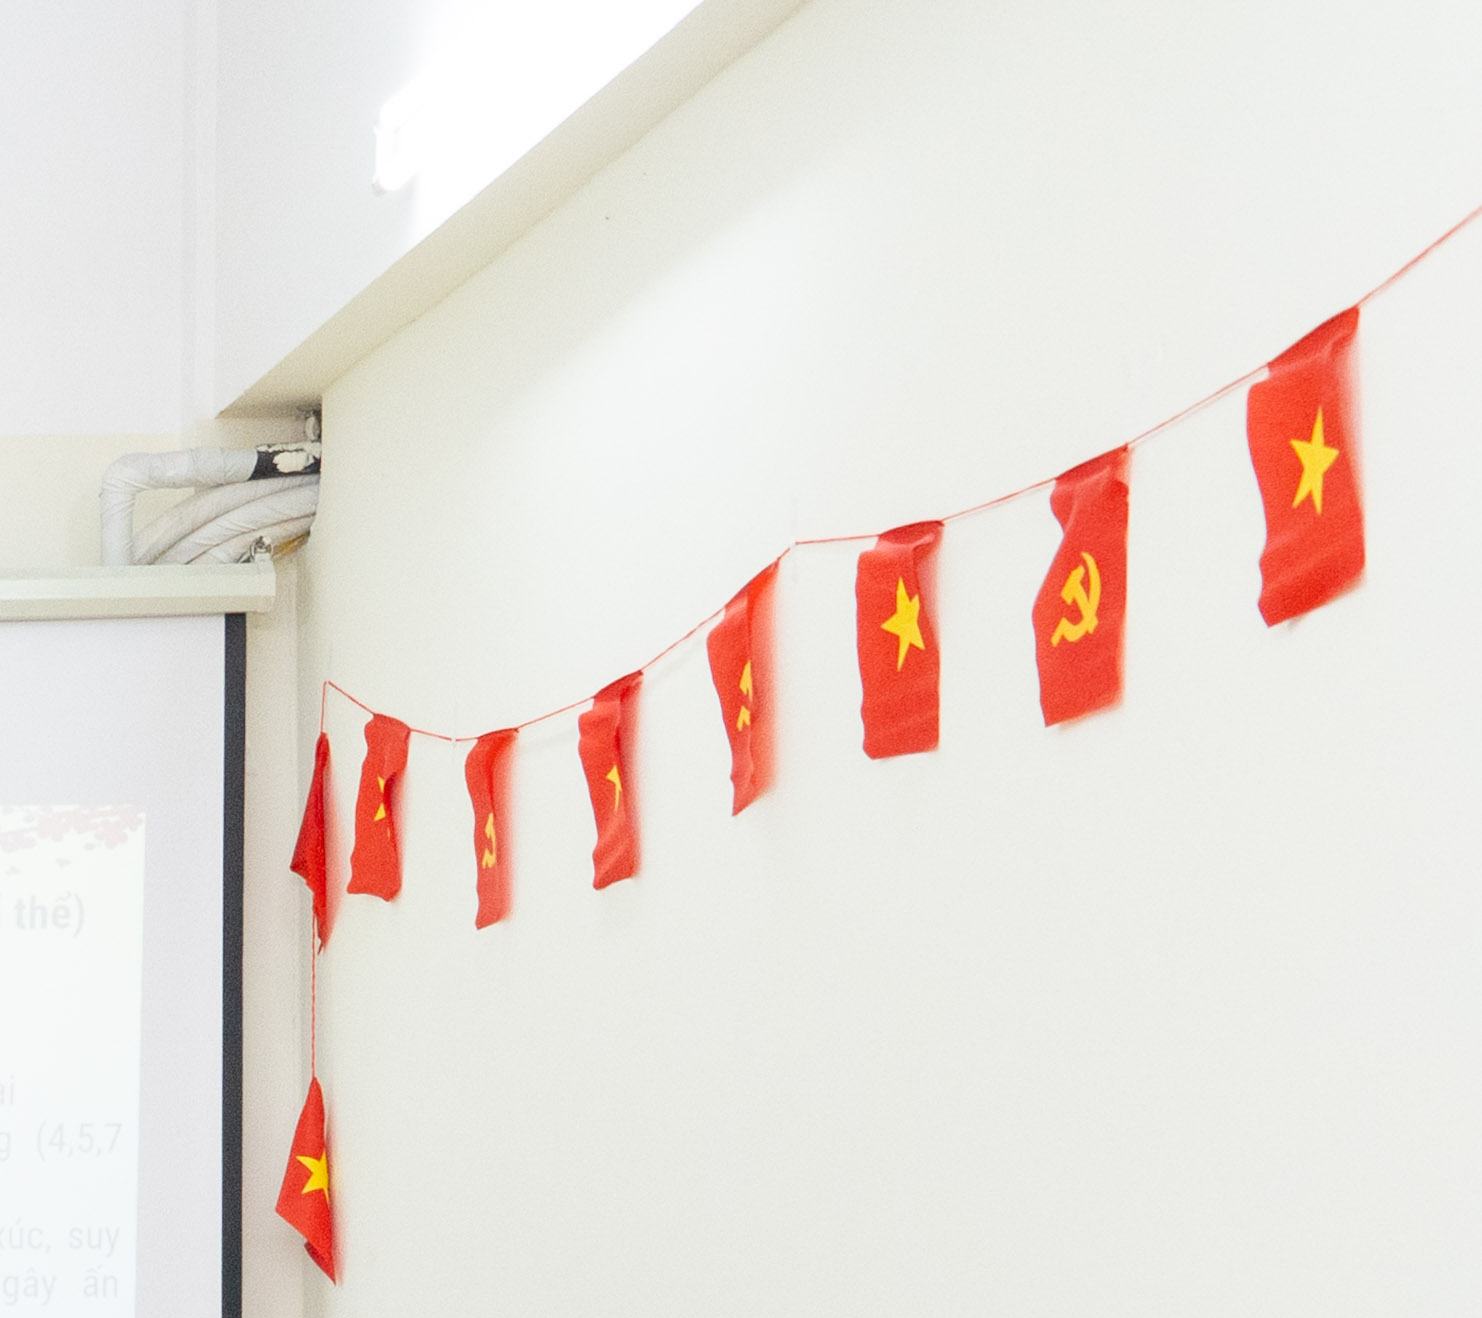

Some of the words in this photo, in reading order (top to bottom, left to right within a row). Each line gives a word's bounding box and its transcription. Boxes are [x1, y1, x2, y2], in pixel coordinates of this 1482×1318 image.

[13, 891, 85, 938] thể)
[37, 1121, 122, 1161] (4,5,7
[69, 1227, 120, 1258] suy
[2, 1267, 57, 1306] gây
[83, 1265, 118, 1298] ấn
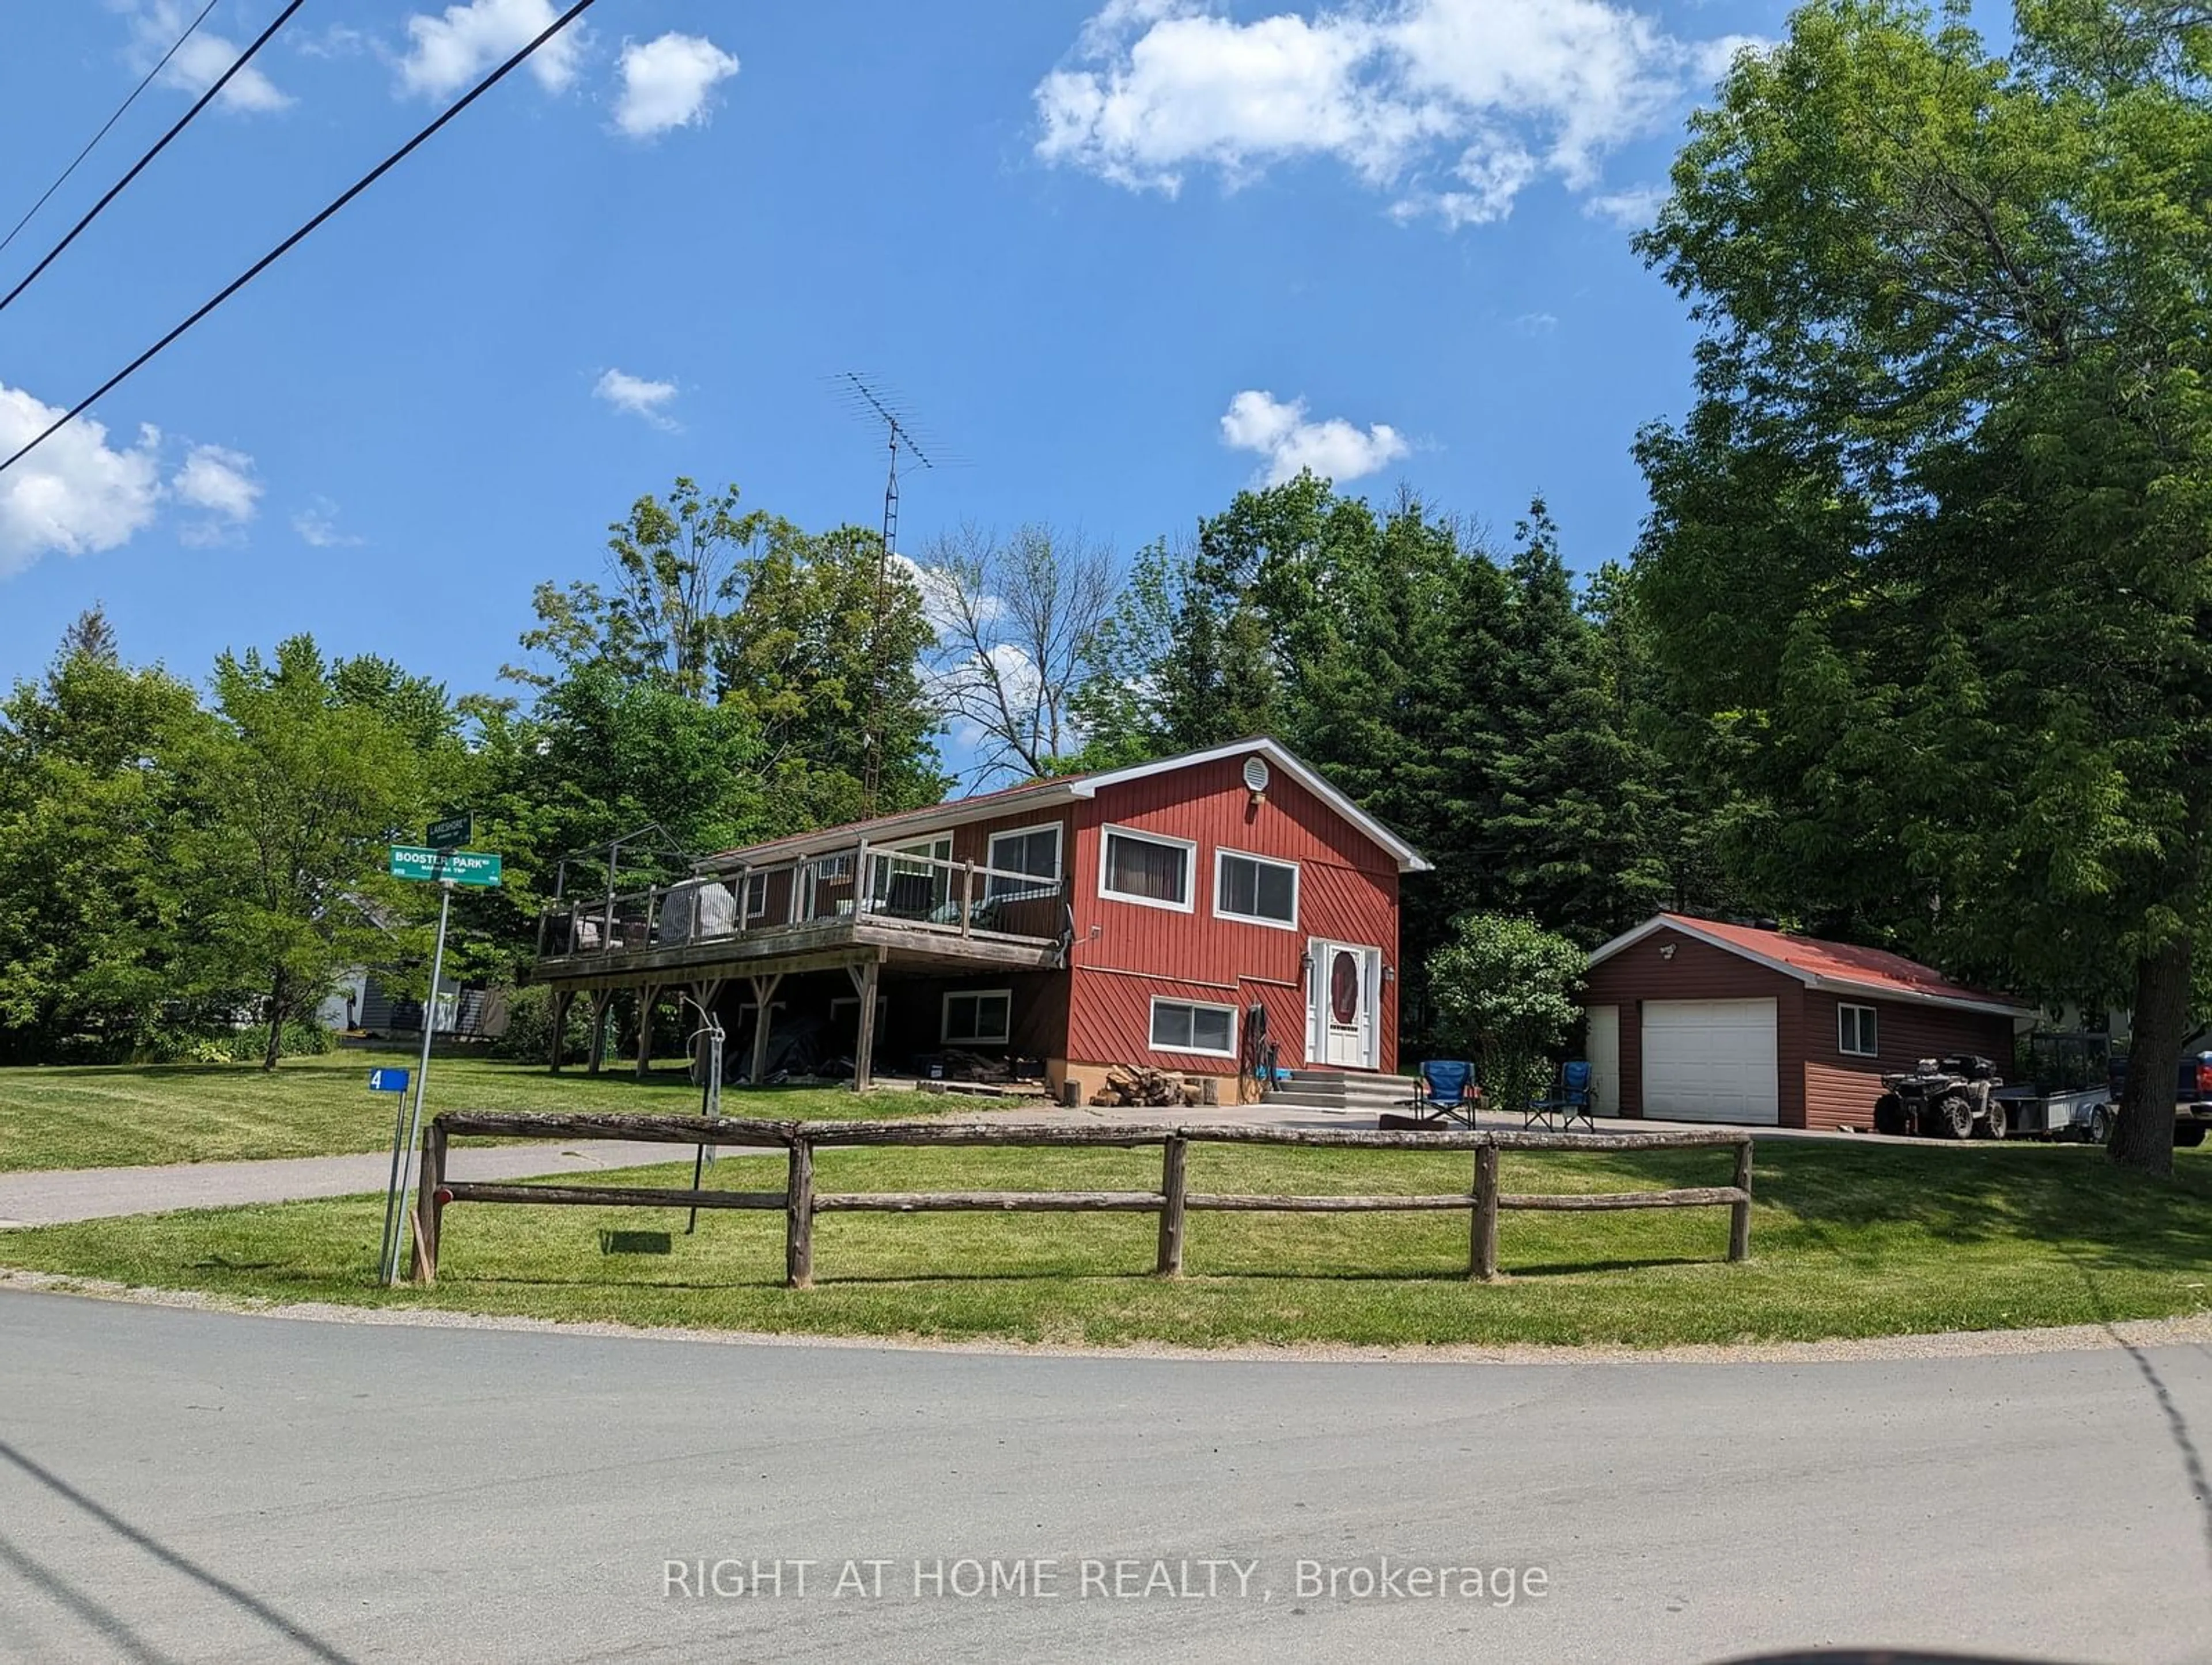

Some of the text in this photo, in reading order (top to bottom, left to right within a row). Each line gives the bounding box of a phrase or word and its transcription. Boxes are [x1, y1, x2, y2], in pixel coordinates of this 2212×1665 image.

[395, 852, 448, 865] BOOSTER
[453, 857, 483, 869] PARK
[371, 1070, 382, 1089] 4

⁂

● **PROBLEM TO SOLVE**:
Although the records above include pictures, the copy must contain only their exact text.

● **EXPECTED ANSWER**:
Some of the words in this photo, in reading order (top to bottom, left to right within a row). Each line gives a word's bounding box and its transcription. Boxes are [x1, y1, x2, y2], in pixel coordinates of this 1482×1318 image.

[13, 891, 85, 938] thể)
[37, 1121, 122, 1161] (4,5,7
[69, 1227, 120, 1258] suy
[2, 1267, 57, 1306] gây
[83, 1265, 118, 1298] ấn

Some of the text in this photo, in reading order (top to bottom, left to right within a row). Each line gives the bounding box of a phrase or word and its transcription. Boxes are [x1, y1, x2, y2], in pixel coordinates of this 2212×1665 image.

[395, 852, 448, 865] BOOSTER
[453, 857, 483, 869] PARK
[371, 1070, 382, 1089] 4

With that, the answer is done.